Yes, a 24% APR is high for a credit card. While many credit cards offer a range of interest rates, you'll qualify for lower rates with a higher credit score. Improving your credit score is a simple path to getting lower rates on your credit card.

Is 8% a bad APR? ›

A good personal loan interest rate depends on your credit score: 740 and above: Below 8% (look for loans for excellent credit) 670 to 739: Around 14% (look for loans for good credit)

What interest rate is considered too high? ›

A high-interest loan has an annual percentage rate above 36%, the highest APR that most consumer advocates consider affordable. High-interest loans are offered by online and storefront lenders that promise fast funding and easy applications, sometimes without checking your credit.

Is 7% a good rate for a personal loan? ›

A good personal loan interest rate depends on your credit score: 740 and above: Below 8% (look for loans for excellent credit) 670 to 739: Around 14% (look for loans for good credit) 580 to 669: Around 18% (look for loans for fair credit)
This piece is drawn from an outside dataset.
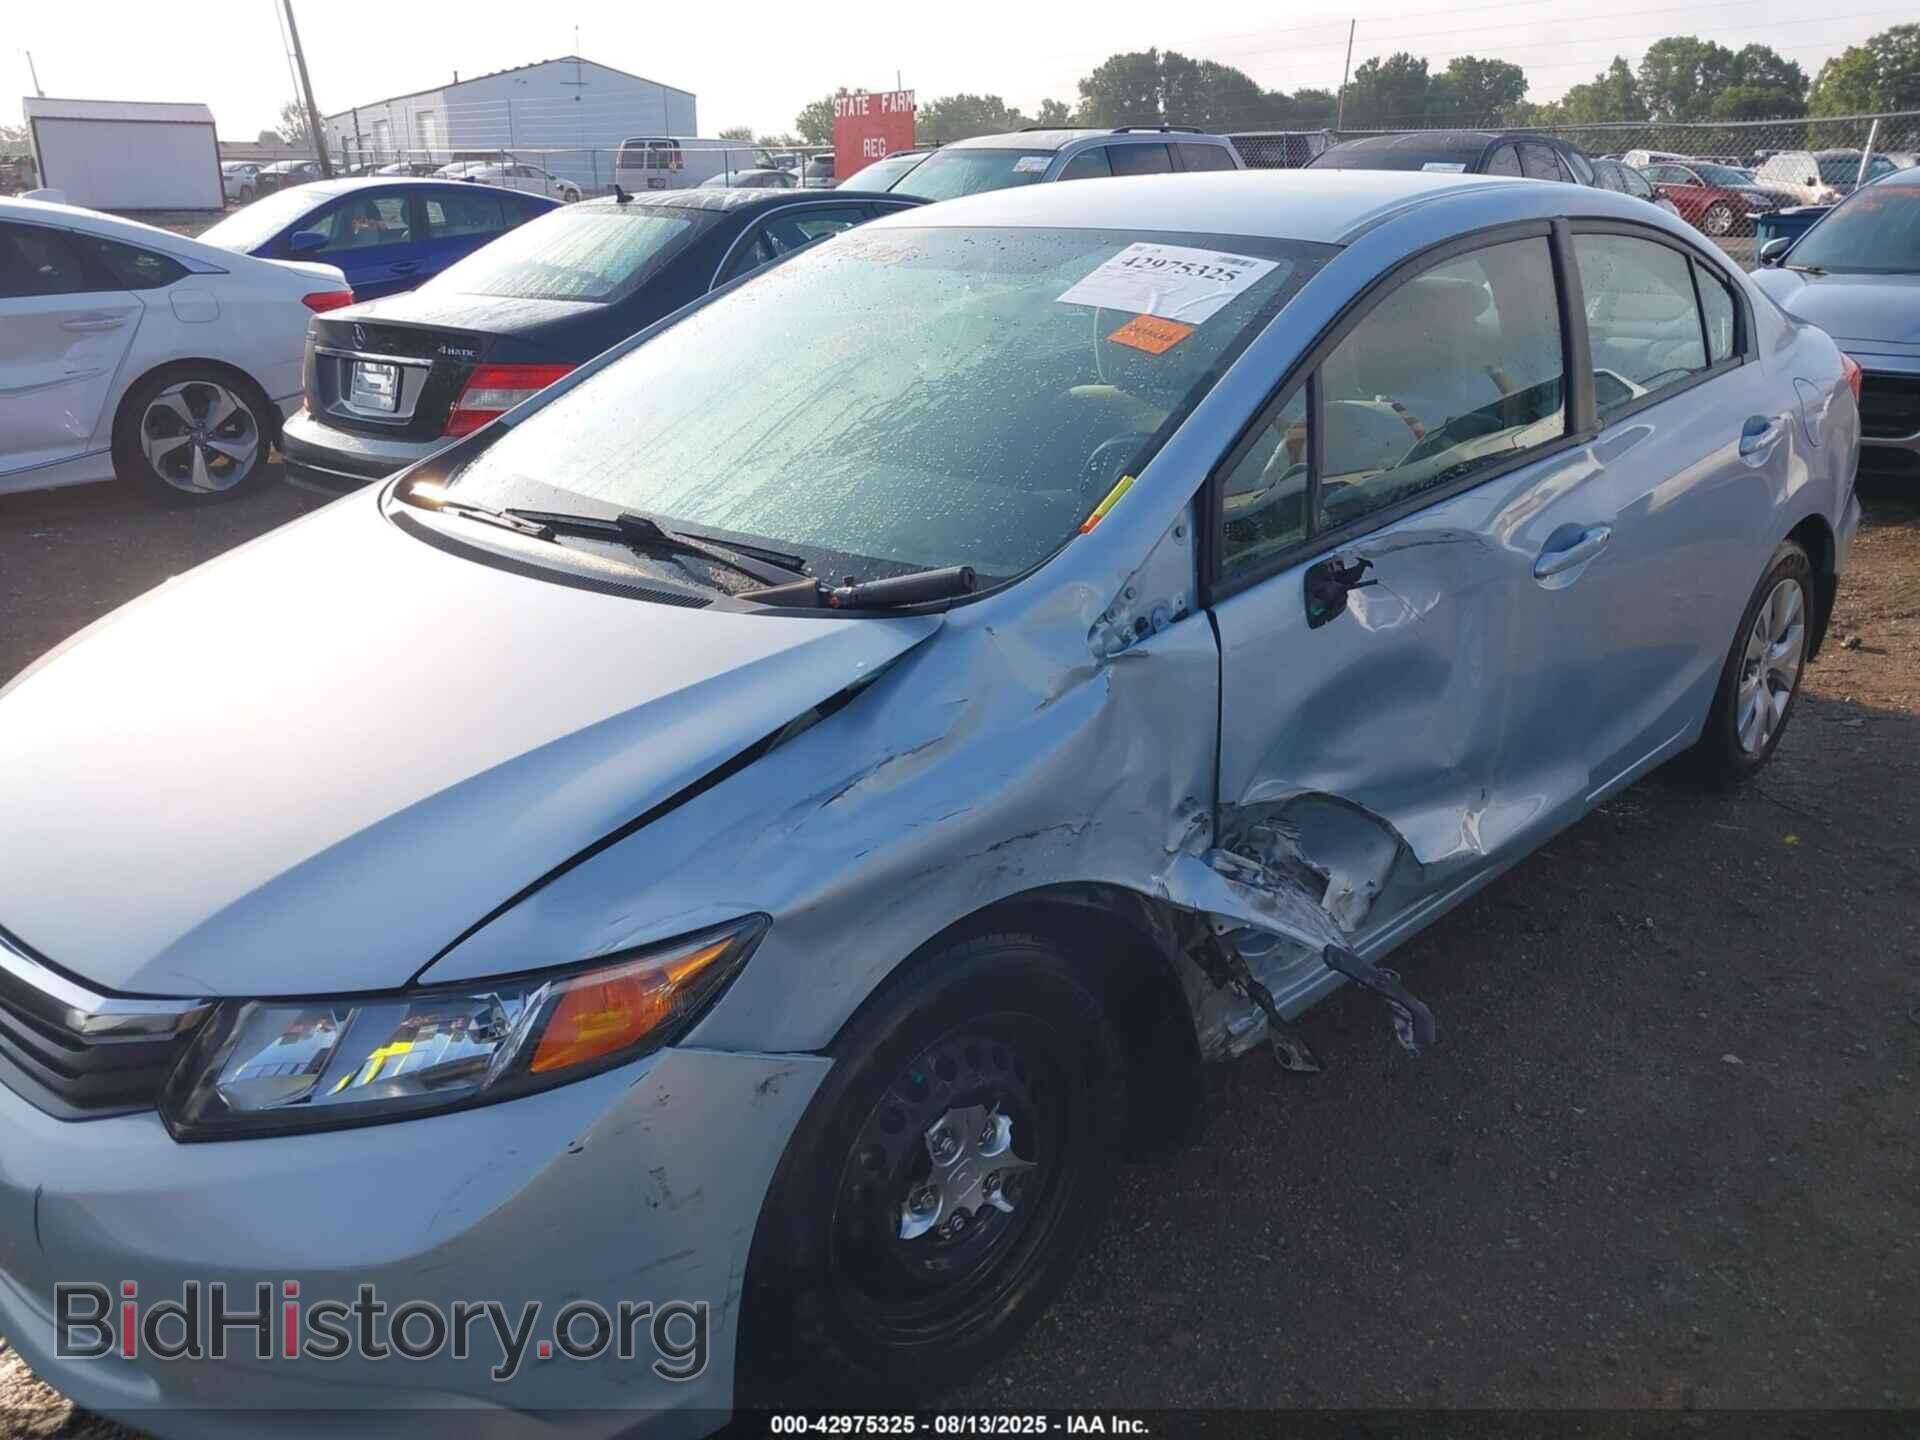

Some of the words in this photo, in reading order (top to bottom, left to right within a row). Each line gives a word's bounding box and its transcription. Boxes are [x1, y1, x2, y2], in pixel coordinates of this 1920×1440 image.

Is it OK to buy when interest rates are high? ›

While no one wants to pay more than they should, mortgage interest rates are temporary and subject to change over time. So if you can afford the higher rate and want to buy a home now, feel free to do so — and just look for the opportunity to refinance in the future.

What are considered high interest rates? ›

Although there is no strict definition for high-interest debt, many experts classify it as anything above the average interest rates for mortgages and student loans. These typically range between 2% and 7%, meaning that interest rates of 8% and above are considered high.